> [PROMPT]
Could the entries below be reproduced exactly, with the images removed?

Annotated photo localization data:
------------
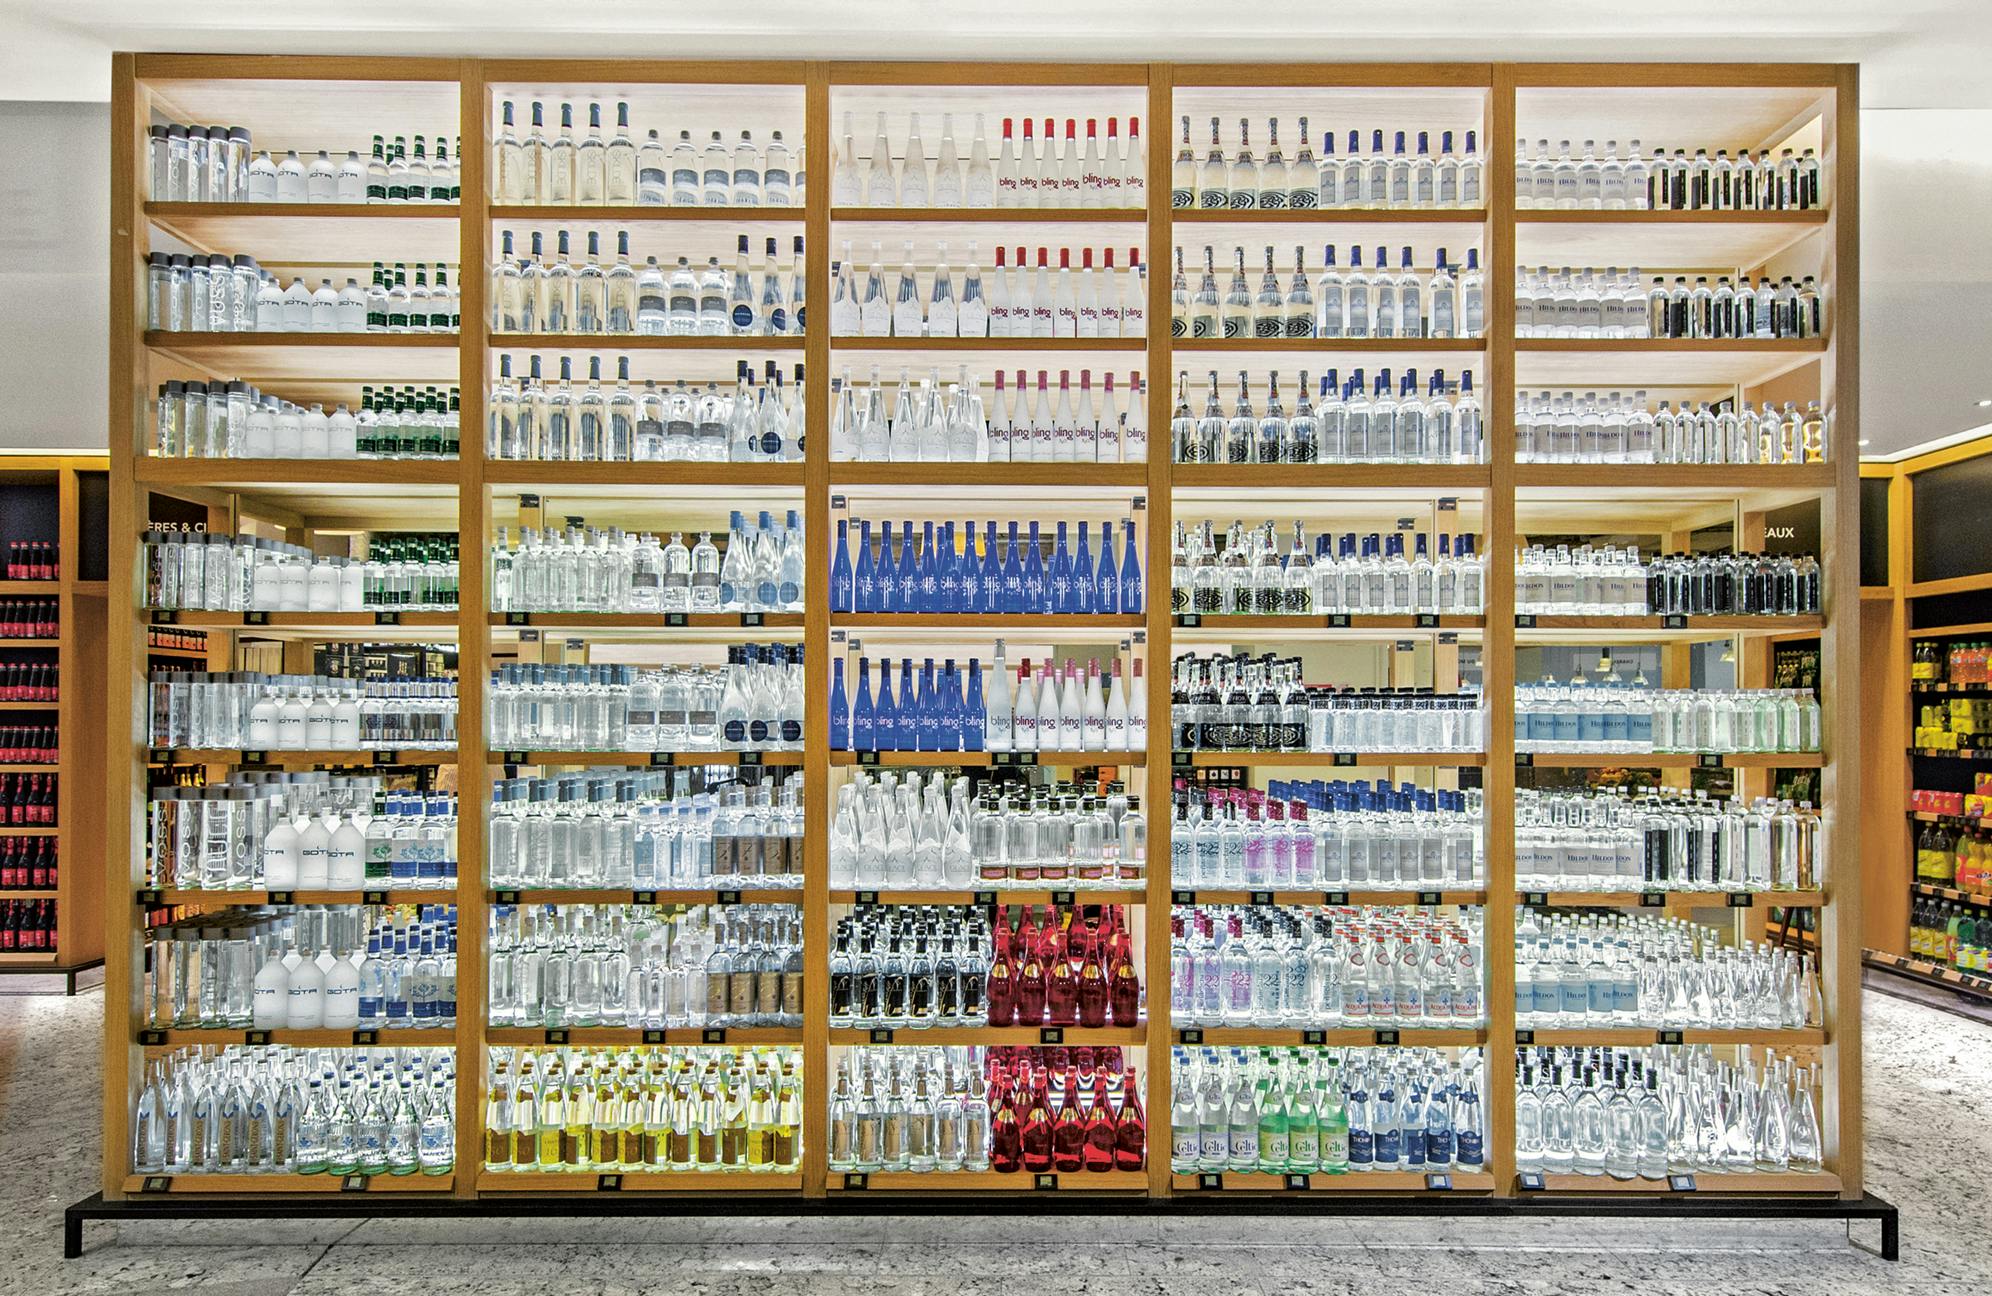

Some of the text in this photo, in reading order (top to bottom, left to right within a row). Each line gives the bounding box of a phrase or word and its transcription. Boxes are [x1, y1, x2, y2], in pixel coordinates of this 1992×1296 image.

[1000, 177, 1016, 189] bling
[1020, 177, 1037, 188] bling
[1042, 177, 1058, 189] bling
[1062, 178, 1079, 189] bling
[1083, 173, 1102, 188] bling
[1104, 176, 1120, 187] bling
[1127, 176, 1143, 188] bling
[991, 306, 1008, 317] bling
[1013, 307, 1029, 317] bling
[1034, 307, 1051, 318] bling
[1081, 308, 1097, 319] bling
[1102, 308, 1118, 319] bling
[1126, 308, 1142, 318] bling
[181, 522, 190, 533] &
[1016, 716, 1035, 729] bling
[236, 808, 246, 875] VOSS
[327, 986, 357, 995] GOTA
------------
> [OUTPUT BELOW]
Some of the text in this photo, in reading order (top to bottom, left to right within a row). Each line gives the bounding box of a phrase or word and its transcription. Boxes are [x1, y1, x2, y2], in pixel coordinates of this 1992×1296 image.

[1000, 177, 1016, 189] bling
[1020, 177, 1037, 188] bling
[1042, 177, 1058, 189] bling
[1062, 178, 1079, 189] bling
[1083, 173, 1102, 188] bling
[1104, 176, 1120, 187] bling
[1127, 176, 1143, 188] bling
[991, 306, 1008, 317] bling
[1013, 307, 1029, 317] bling
[1034, 307, 1051, 318] bling
[1081, 308, 1097, 319] bling
[1102, 308, 1118, 319] bling
[1126, 308, 1142, 318] bling
[181, 522, 190, 533] &
[1016, 716, 1035, 729] bling
[236, 808, 246, 875] VOSS
[327, 986, 357, 995] GOTA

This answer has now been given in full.